Researchers measured symptoms in about 200 San Diego area veterans randomly assigned to one of three groups. Some learned to meditate. Others got exposure therapy. The third group attended classes where they learned about nutrition and exercise.
All sessions were once a week for 90 minutes.
After three months, 61 percent of the meditation group improved on a standard PTSD assessment, compared to 42 percent of those who got exposure therapy and 32 percent of those who went to classes. When researchers accounted for other factors, meditation was better than the classes and equally effective as exposure therapy.
The researchers defined success as at least a 10-point improvement in scores on a standard symptoms test, given to participants by people who did not know which kind of treatment they’d received. The test measures symptoms such as flashbacks, nightmares and insomnia.

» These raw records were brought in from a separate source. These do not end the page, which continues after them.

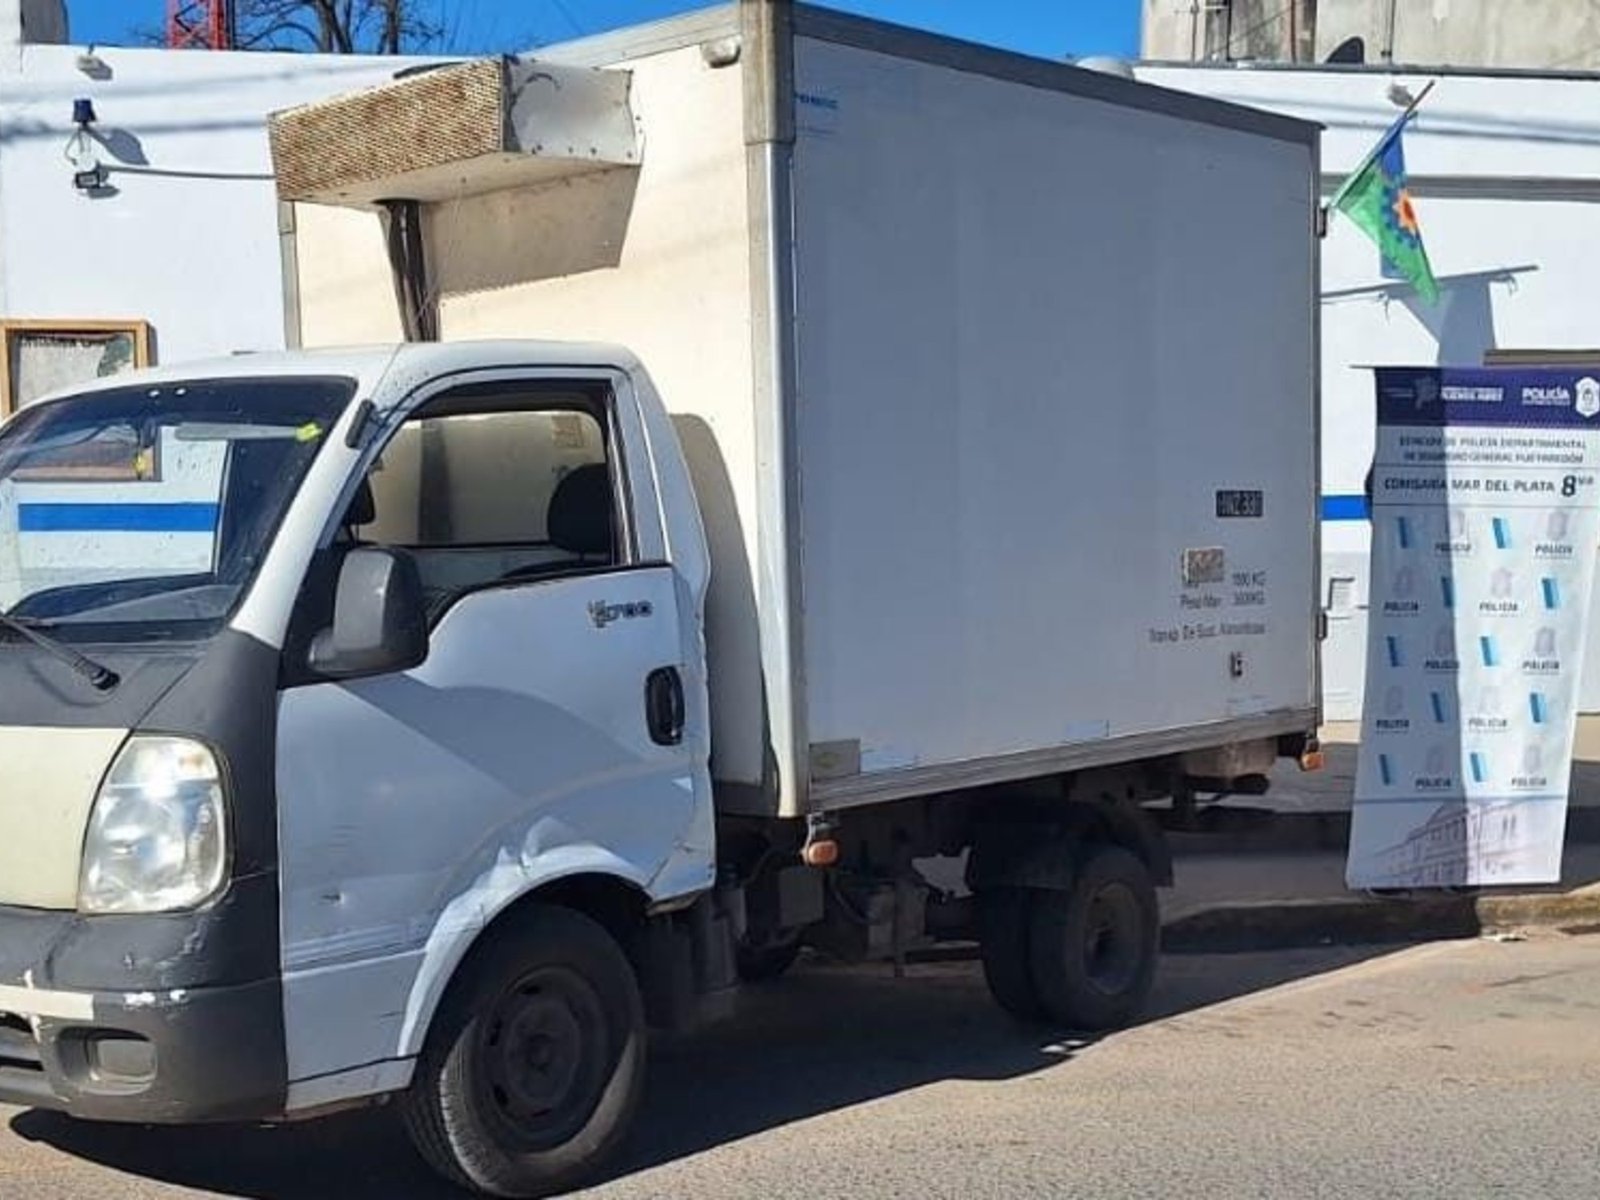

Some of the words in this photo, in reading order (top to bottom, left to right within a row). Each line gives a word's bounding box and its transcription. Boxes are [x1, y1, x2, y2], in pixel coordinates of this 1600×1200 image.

[1452, 479, 1481, 490] MAR
[1485, 480, 1510, 491] DEL
[1514, 480, 1555, 492] PLATA
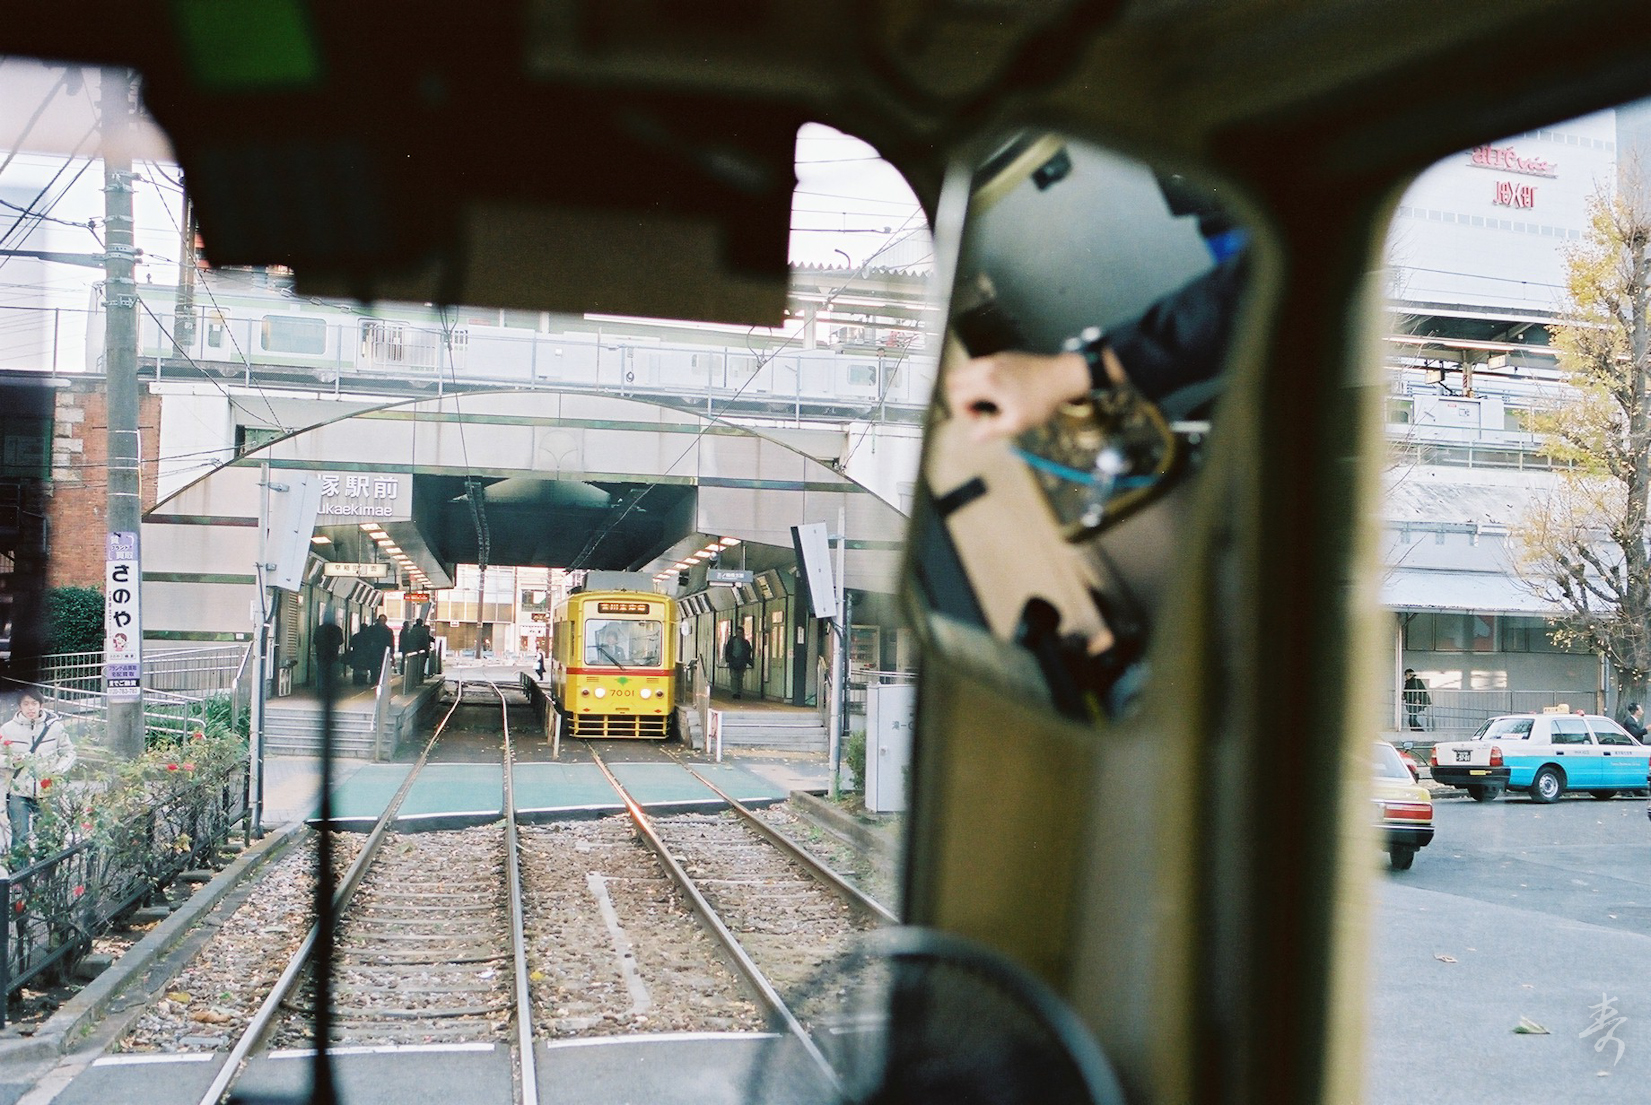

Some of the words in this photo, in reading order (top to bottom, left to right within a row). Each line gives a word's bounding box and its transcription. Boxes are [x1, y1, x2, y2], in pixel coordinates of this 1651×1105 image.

[112, 564, 131, 628] さのや
[610, 689, 635, 697] 7001

PTSD also can be treated with medications or other types of talk therapy. Many of the participants were taking prescribed medicine for PTSD.
Most of the vets were men with combat-related trauma, so it’s not clear whether meditation would be equally effective in women or with other types of trauma.

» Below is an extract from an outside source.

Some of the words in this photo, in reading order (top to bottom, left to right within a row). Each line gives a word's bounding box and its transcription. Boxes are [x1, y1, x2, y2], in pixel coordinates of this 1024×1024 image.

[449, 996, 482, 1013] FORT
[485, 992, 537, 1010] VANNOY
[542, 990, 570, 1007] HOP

There’s growing interest in meditation in the United States. A government survey last year found 14 percent of adults said they had recently meditated, up from 4 percent from a similar survey five years earlier.
There are many styles of meditation. The type taught to vets in the study was transcendental meditation, or TM, which involves thinking of a mantra or sound to settle the mind.
TM was developed by Maharishi Mahesh Yogi, a guru to the Beatles in the late 1960s. Some of the study authors are affiliated with a university in Fairfield, Iowa, founded by Maharishi. Their role was to oversee the meditation training.
Rutledge, who was the principal researcher, said he does not practice meditation himself.
Meditation could be more acceptable to veterans who might associate mental health treatment with weakness, Rutledge said.
“It’s probably less threatening,” he said. “It may be easier to talk to veterans about participating in something like meditation.”